For some of us, the confinement has brought mental calm through slower lifestyles, spiritualism, and meditation. But the pandemic has unleashed uncertainty for most of us — regarding health, jobs, and food— gushing in anxiety, panic, sleeplessness, depression, loneliness and boredom. Early evidence from national surveys from China, Iran, and the USA have also confirmed widespread psychological distress during COVID-19.
These signs are further aggravated among those of us who were suffering from other mental health issues before the pandemic. It has added to our plight and shattered the frail mental health care system in India. More than 10 per cent of India’s 1.3 billion population suffers from mental health disorders.
Dr Khandelwal says, “Mental illnesses are chronic conditions affecting millions, many of whom are on medication. The COVID-19 lockdown effectively deprived them of these visits with their clinicians. Many had difficulty in obtaining their medication.”
In this scenario, telemedicine has regained importance as a fast yet physically distanced way to provide care.
By definition, telemedicine is providing healthcare using information and communication technology such as text, audio, video, images etc. As Indians, we have reached the moon and Mars, but not our own remotest populations. While telemedicine was launched years ago, doctors have been apprehensive to use it because of legal issues. Also, some Indian states have issued notices stating that this mode of medicine is not advisable.
In view of the Coronavirus outbreak, the Medical Council of India has recently sped up the update to Telemedicine Practice Guidelines. While this revision has lots of positives in terms of being patient-friendly, simple, and comprehensive, several aspects such as data privacy remain blurry.
In the space of telemedicine for mental health, Dr Sudhir points to institutions like NIMHANS Bengaluru, AIIMS New Delhi, IHBAS Delhi, and how they have taken swift steps in the right direction with the COVID-19 pandemic in mind. For instance, doctors at NIMHANS have developed guidelines for telepsychotherapy services, introduced IVRS-based Telephone Outpatient Services, and started a 24×7 toll-free helpline for psychosocial support and mental health services during disasters.
While the potential of tele-mental health services is immense, “it can only be accessed by people who are net savvy,” exclaims Dr Khandelwal. “But this is not true for a large part of the Indian population. There is a huge digital divide in India.”
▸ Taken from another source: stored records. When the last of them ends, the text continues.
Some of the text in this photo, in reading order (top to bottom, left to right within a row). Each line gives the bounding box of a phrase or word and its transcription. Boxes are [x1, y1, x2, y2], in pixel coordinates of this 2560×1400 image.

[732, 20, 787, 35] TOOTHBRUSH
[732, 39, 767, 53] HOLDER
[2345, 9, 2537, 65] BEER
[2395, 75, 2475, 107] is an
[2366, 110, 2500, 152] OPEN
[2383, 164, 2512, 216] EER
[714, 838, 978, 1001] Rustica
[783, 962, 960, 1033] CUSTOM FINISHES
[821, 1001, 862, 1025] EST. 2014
Furthermore, “many times, there are concerns about prescribing some medicines online. Until April 2020, Clonazepam, an anti-anxiety drug, was not allowed to be prescribed by telemedicine under the NDPS Act,” says Prof Dr B N Gangadhar, Director and Vice-Chancellor at the National Institute of Mental Health and NeuroSciences (NIMHANS), Bengaluru.
While this has now been allowed by the Medical Council of India, other challenges deserve attention.
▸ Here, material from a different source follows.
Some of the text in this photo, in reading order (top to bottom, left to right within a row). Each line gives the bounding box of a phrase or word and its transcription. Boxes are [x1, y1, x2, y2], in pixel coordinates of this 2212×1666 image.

One of the strengths of in-person pyscho-counselling is the face-to-face interaction with people with emotional disturbances. “In this regard, the effectiveness of telepsychiatry in the initial consultation with the mental health professional remains to be examined,” adds Dr Gangadhar.
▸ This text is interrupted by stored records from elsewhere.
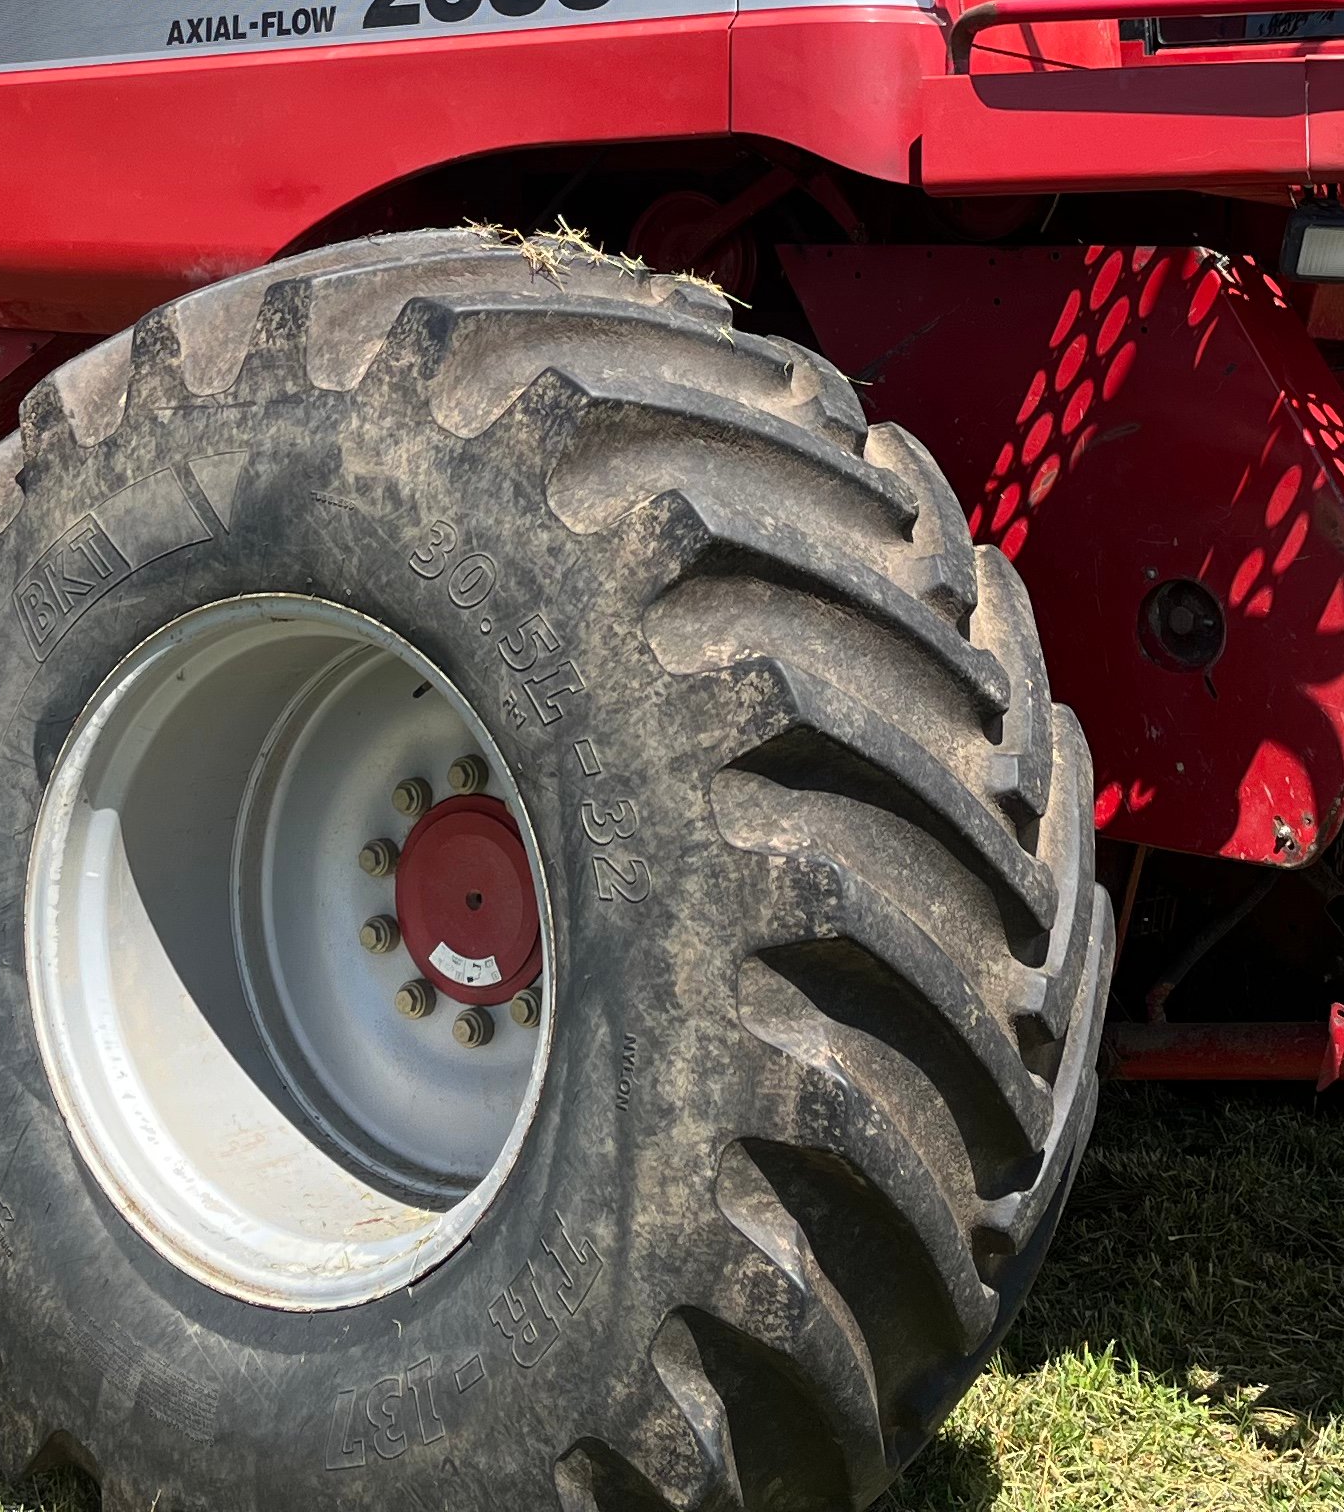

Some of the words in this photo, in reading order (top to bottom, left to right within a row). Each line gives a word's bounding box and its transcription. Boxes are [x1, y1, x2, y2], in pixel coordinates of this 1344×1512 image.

[166, 5, 337, 47] AXIAL-FLOW
[19, 523, 114, 647] BKT
[616, 1032, 637, 1112] NYLON
[325, 1209, 604, 1470] TR-137
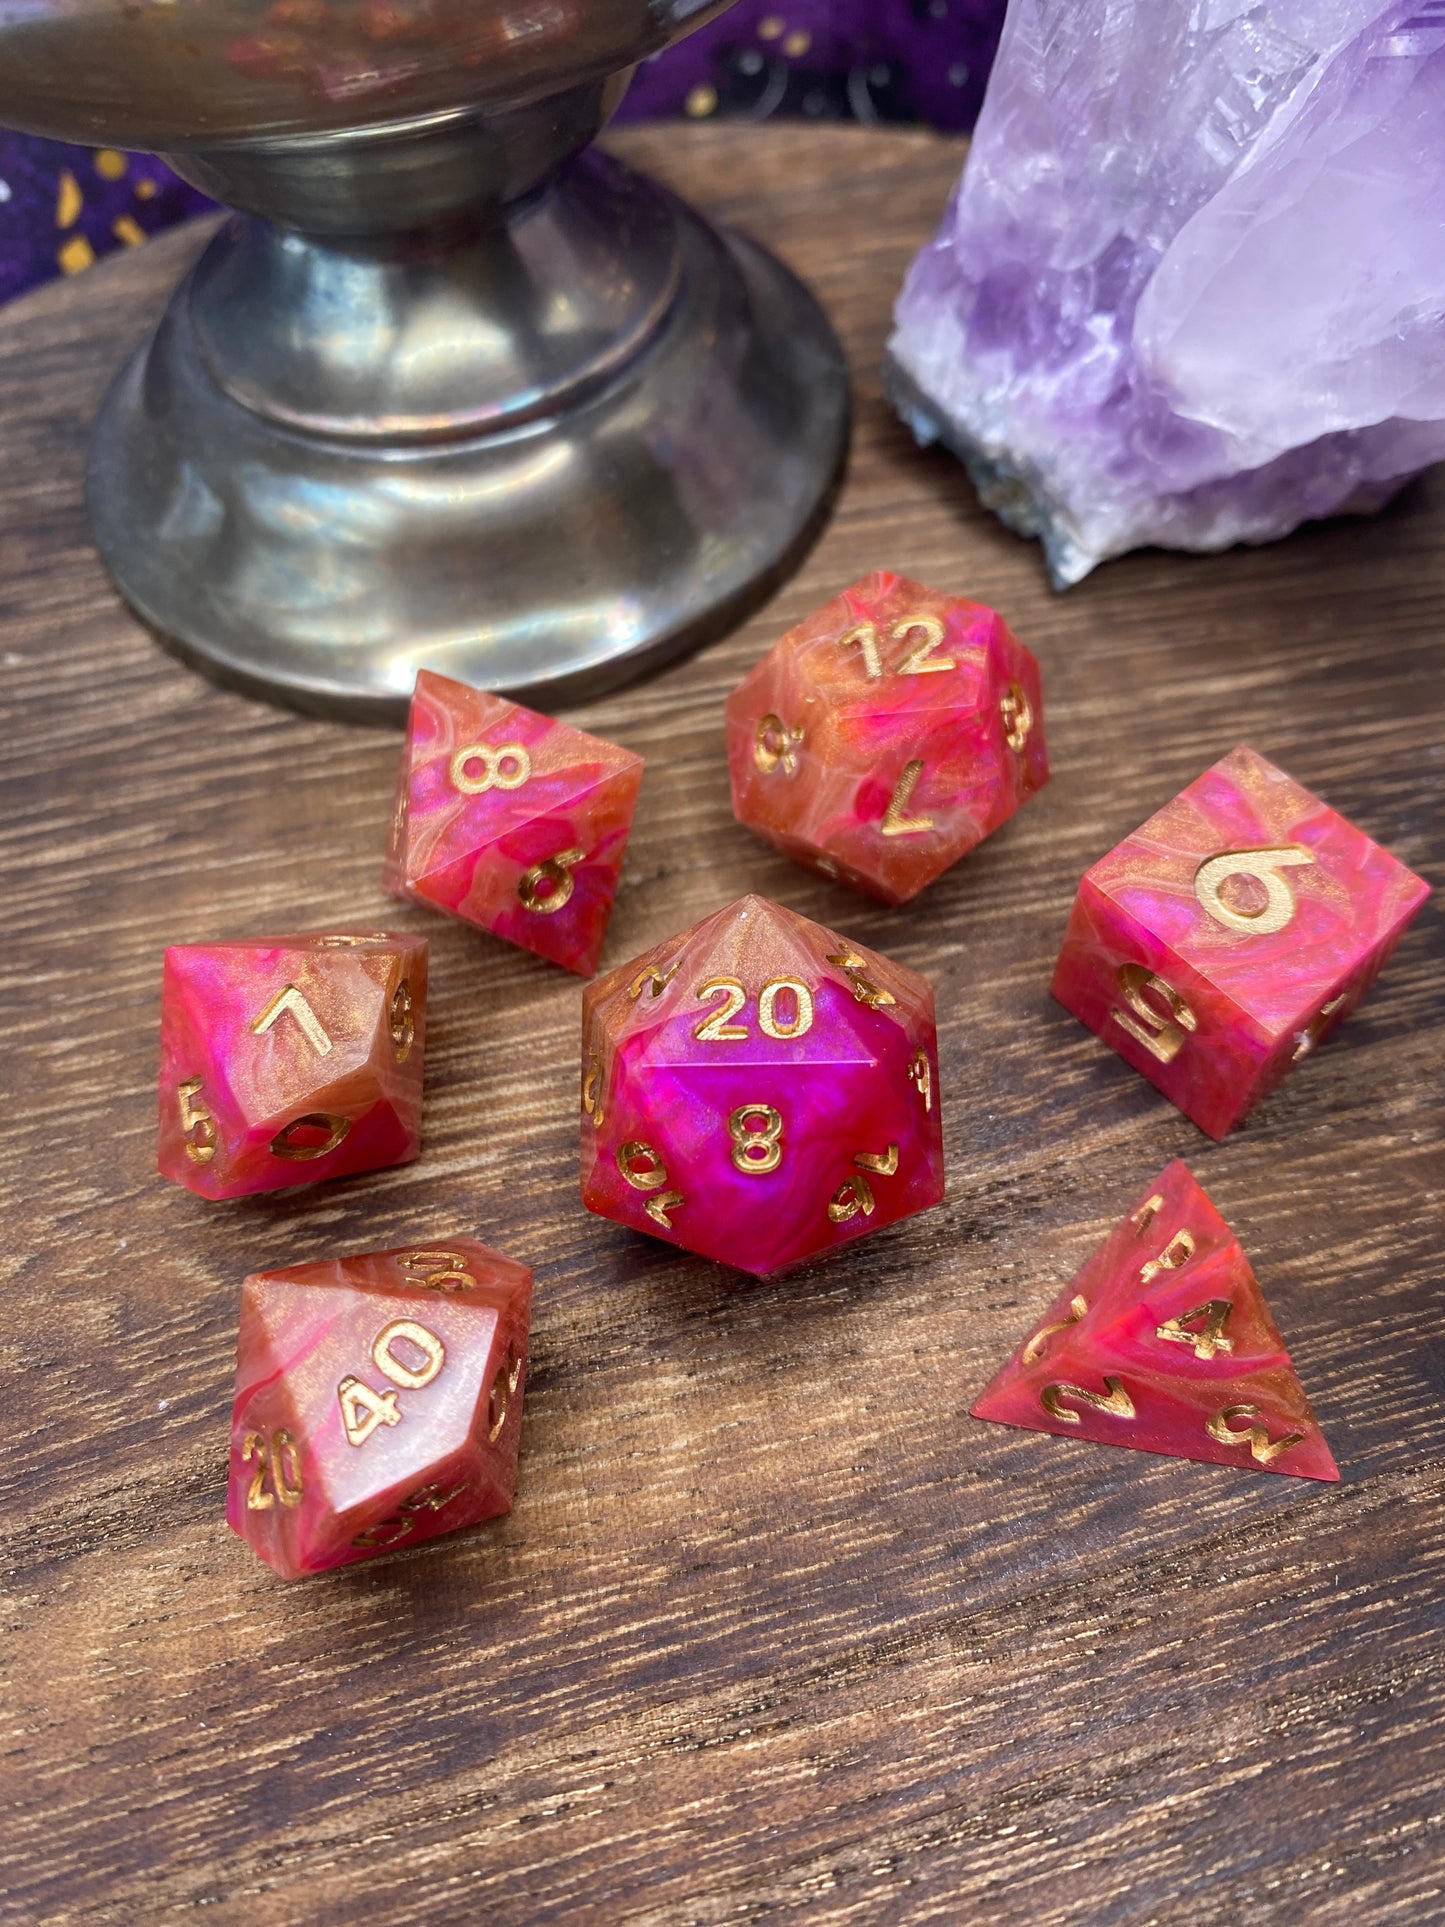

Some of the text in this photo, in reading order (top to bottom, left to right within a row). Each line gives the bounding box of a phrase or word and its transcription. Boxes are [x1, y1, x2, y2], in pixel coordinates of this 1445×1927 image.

However, telemedicine for mental health can still be helpful for follow-up consultations in video/audio mode, he feels. Not only will it reduce the transportation burden in these times of COVID-19, and ensure safety of patients and doctors from the virus, it will also let people get their concerns addressed from the comfort of their homes.
While most hospitals still do not have tele-mental health programmes, and much remains to be done, COVID-19 has presented a blessing in disguise for accelerating development in this area. Taking the lead, telepsychiatry consultations on apps such as Practo, Lybrate, InnerHour, and YourDost have spiked. Whether telemedicine for mental healthcare will retain its value in a post-COVID world, remains to be seen.
So, what can be done in the meantime?
While we figure out the new normal for tele-mental healthcare, families of people with existing mental health issues are bound to play a critical role. They can engage in many healthy pastimes like yoga, meditation, or gardening, and offer support as well as companionship to one another.
“Emotional reassurance to the vulnerable members of our families can go a long way in offering support. It is also important that family members refrain from escalating each other’s concerns,” says Dr Gangadhar.